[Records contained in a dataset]
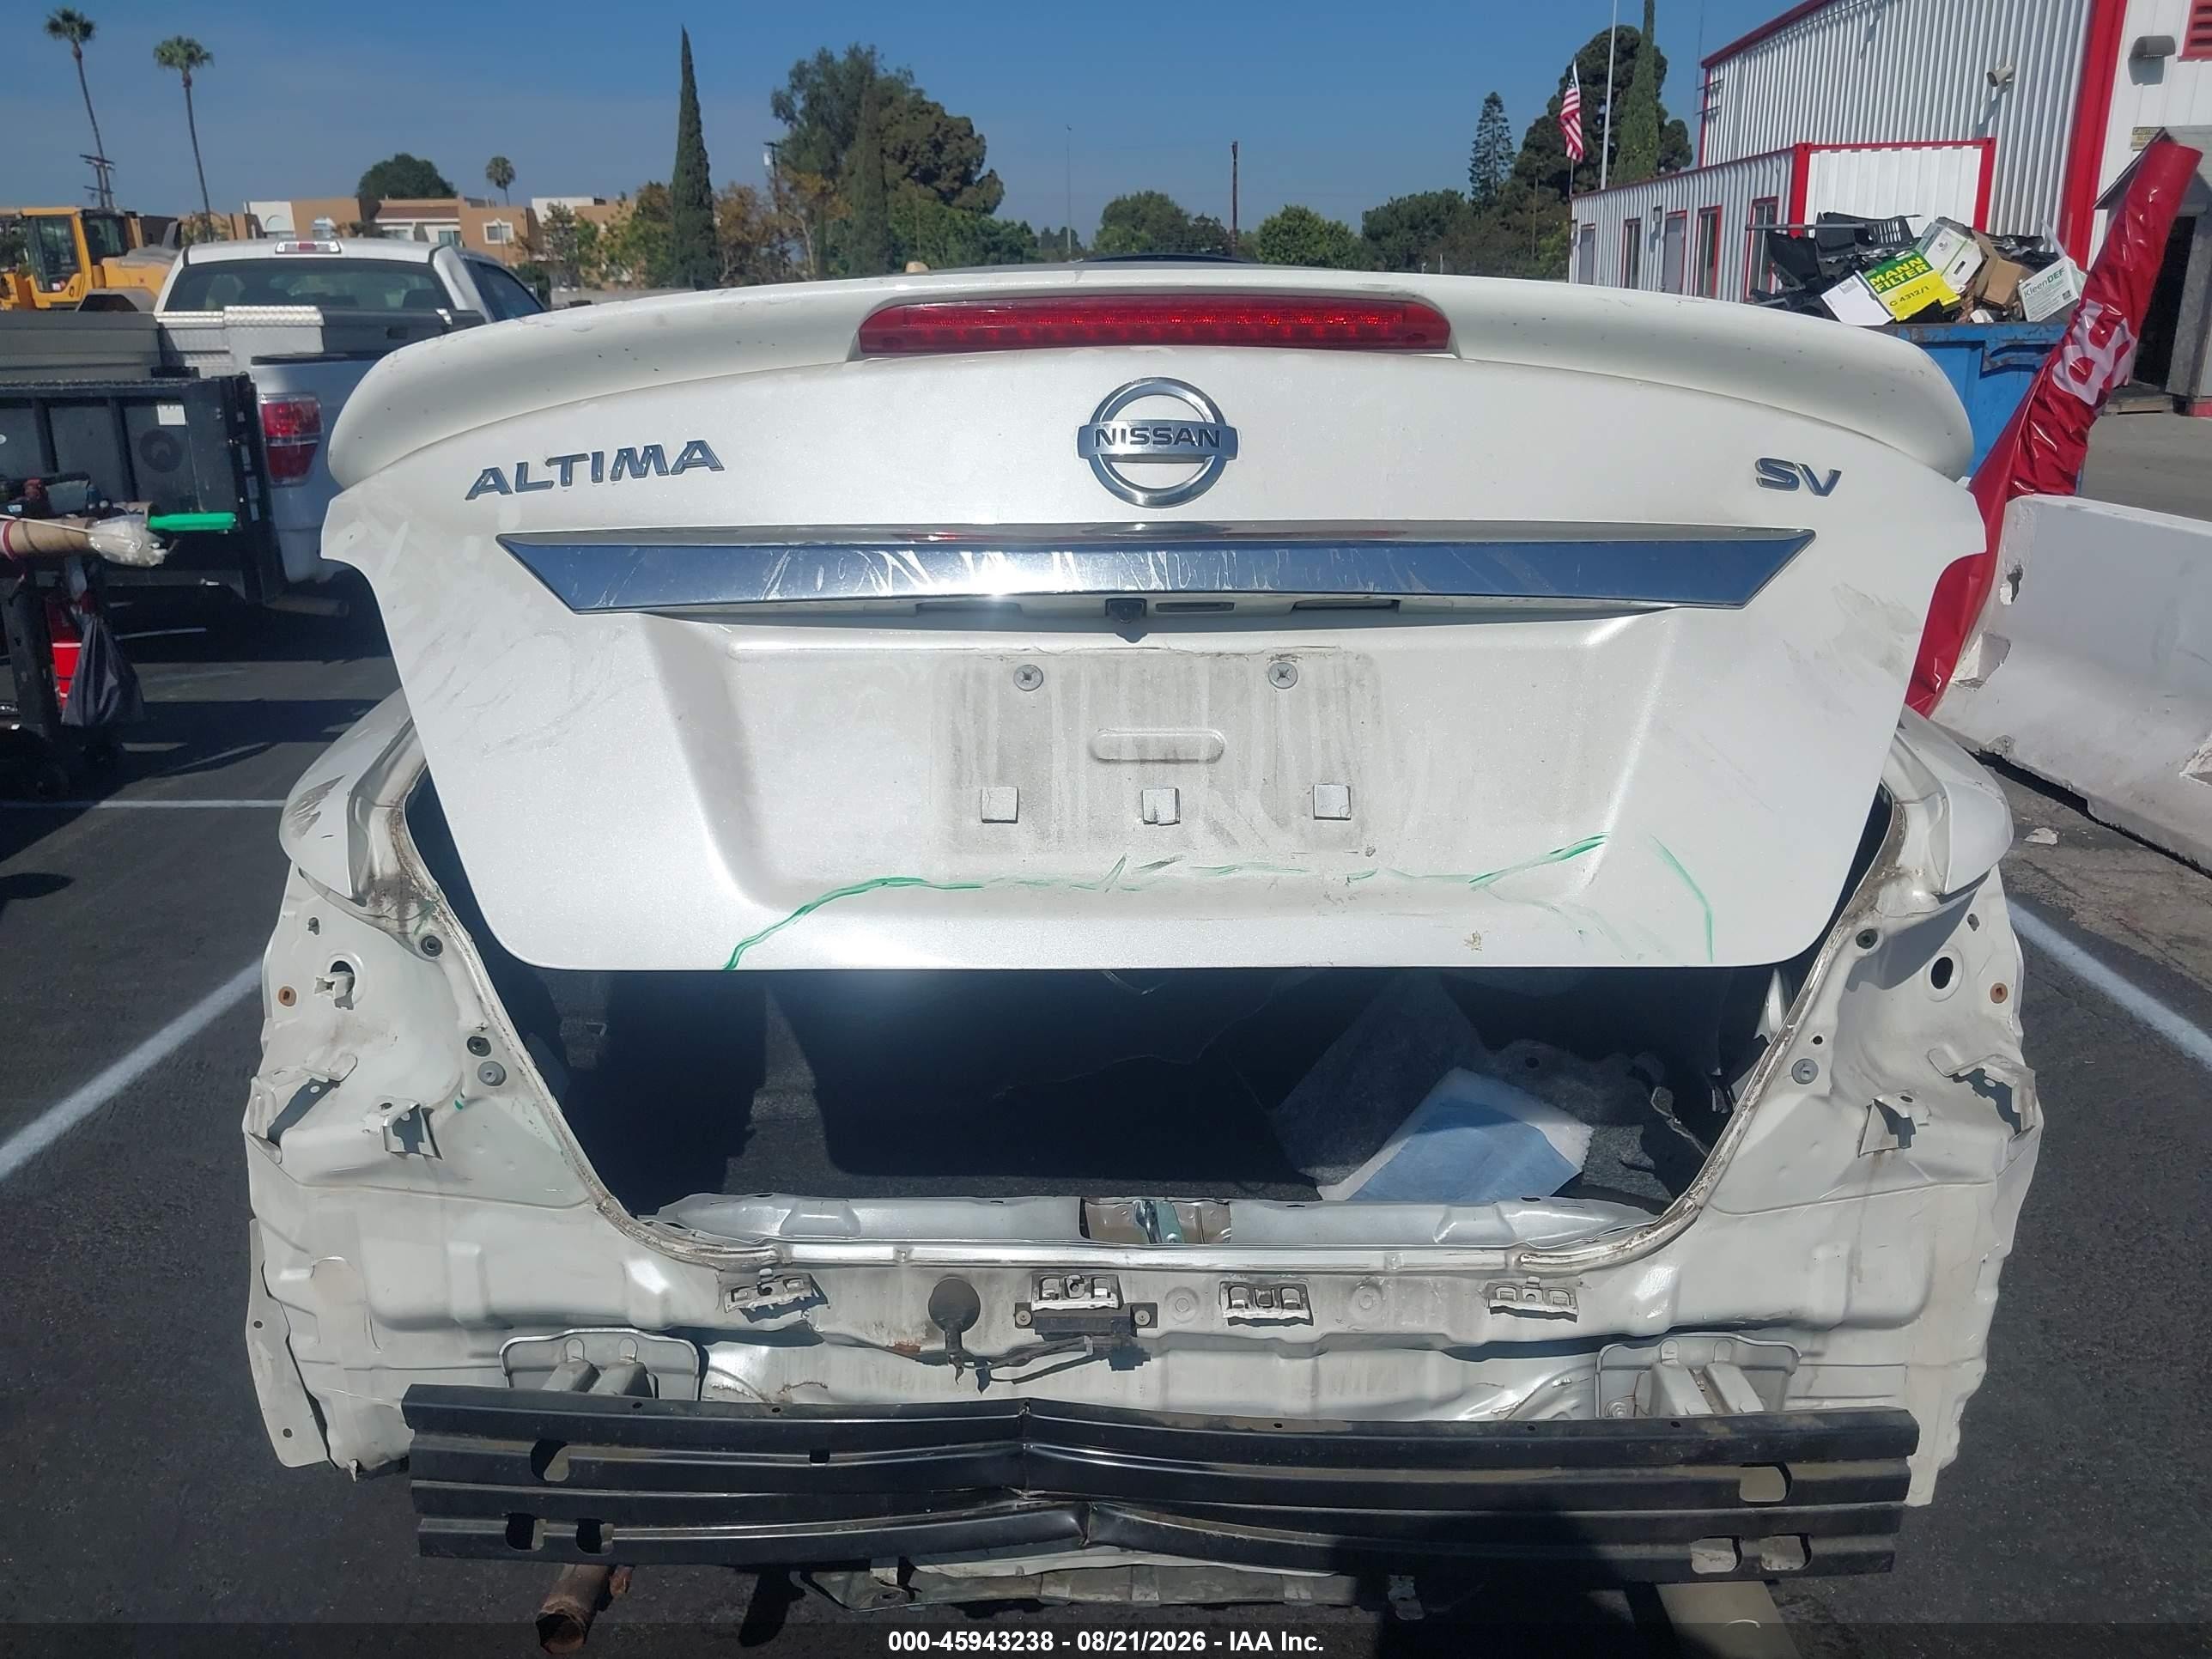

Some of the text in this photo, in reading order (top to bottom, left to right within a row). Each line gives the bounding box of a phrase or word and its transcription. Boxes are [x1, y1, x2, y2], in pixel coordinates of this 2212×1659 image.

[1869, 258, 1923, 285] MANN
[1875, 264, 1929, 292] FILTER
[2024, 267, 2065, 298] KleenDEF
[1095, 428, 1220, 447] NISSAN
[465, 440, 725, 501] ALTIMA
[1754, 458, 1842, 497] SV
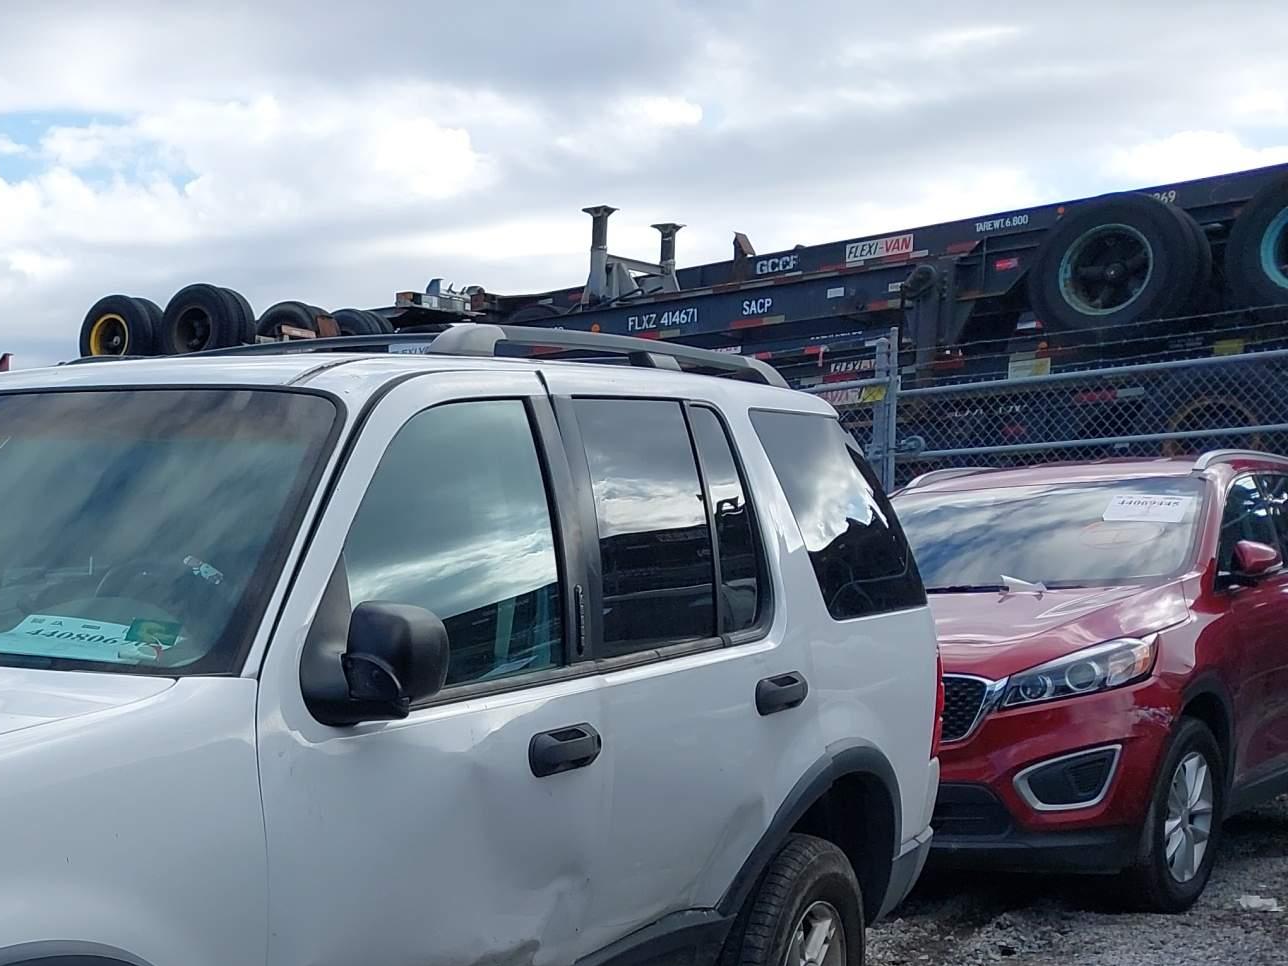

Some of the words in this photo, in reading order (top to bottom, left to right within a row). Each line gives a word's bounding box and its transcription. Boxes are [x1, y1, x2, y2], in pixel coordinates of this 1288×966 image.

[847, 236, 912, 260] FLEXI-VAN
[742, 298, 772, 316] SACP
[627, 313, 657, 331] FLXZ
[660, 308, 698, 326] 414671

> TASK DETAILS:
Each line from the one that contains "Some of the words" through the end of the records must be repeated exactly. No other line belongs in the answer.

> REPLY:
Some of the words in this photo, in reading order (top to bottom, left to right within a row). Each line gives a word's bounding box and its transcription. Boxes are [x1, y1, x2, y2], in pixel coordinates of this 1288×966 image.

[847, 236, 912, 260] FLEXI-VAN
[742, 298, 772, 316] SACP
[627, 313, 657, 331] FLXZ
[660, 308, 698, 326] 414671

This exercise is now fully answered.